Lass dich in meine Welt (2/7)

Lass dich in meine Welt – damit spricht Arne Kopfermann eine große Aufgabe an: Gott hinein nehmen in unser kleines Leben. Das hat etwas! Aber wir wissen auch: Gott ist nicht so einfach zu „packen“; für viele Zeitgenossen ist Gott nicht viel mehr als ein Gerücht. Wie ein Herbstnebel erscheint Gott da zuweilen.

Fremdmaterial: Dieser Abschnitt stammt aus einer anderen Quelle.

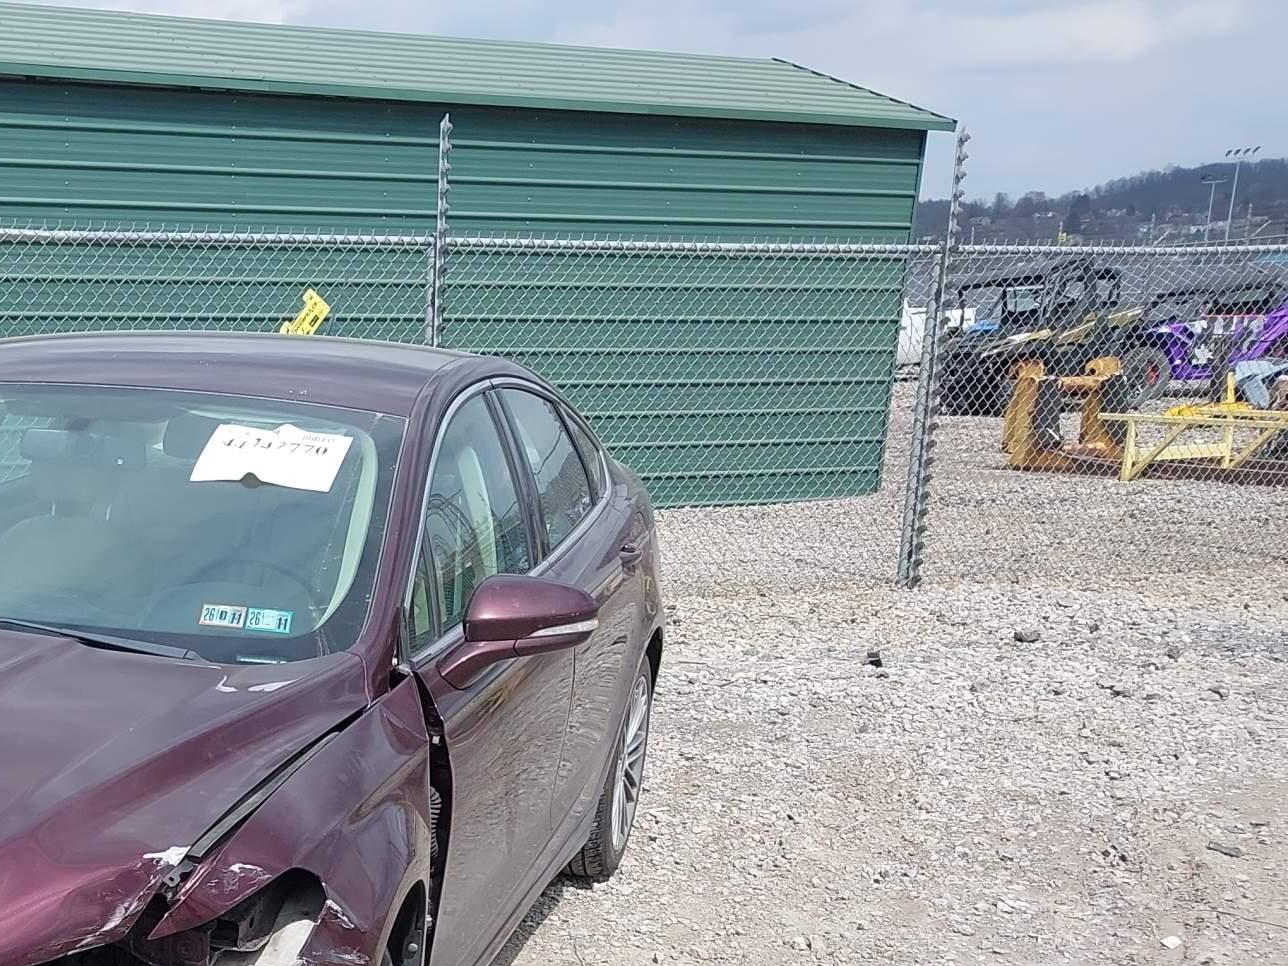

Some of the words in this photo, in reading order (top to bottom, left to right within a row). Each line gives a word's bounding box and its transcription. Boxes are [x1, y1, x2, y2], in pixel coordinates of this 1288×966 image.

Mancher ist im Zwiespalt, ähnlich wie der biblische Hiob. Aber der konnte zumindest später dann mit Blick auf Gott bekennen: „Ich hatte von dir nur vom Hörensagen vernommen; aber nun hat mein Auge dich gesehen.“ Hiob 42,5. Arne Kopfermann wählt einen konkreten Weg, sich Gott zu nähern. Er macht sich auf die Suche. Gott hinein nehmen in die eigene Welt, heißt nicht in erster Linie: ich nehme Gott bei mir auf. Sondern: ich mache mich zu Gott auf. „Wenn ich dich suche, lässt du dich finden. Und wenn ich klopfe, dann öffnest du mir“ – dahinter steht wohl bei Arne Kopfermann eine konkrete Erfahrung. Und eine biblische Dimension hat diese Zeile obendrein:

Jesus hat in der Bergpredigt formuliert: „Bittet, so wird euch gegeben; suchet, so werdet ihr finden; klopfet an, so wird euch aufgetan.“ (Mt 7,7) Darin ist eine Steigerung zu erkennen. Der bittende Mensch macht sich auf den Weg, wird zum suchenden Menschen. Und schließlich kommt es zur Begegnung. Zur geöffneten Tür. Und ab hier wird es erst richtig spannend.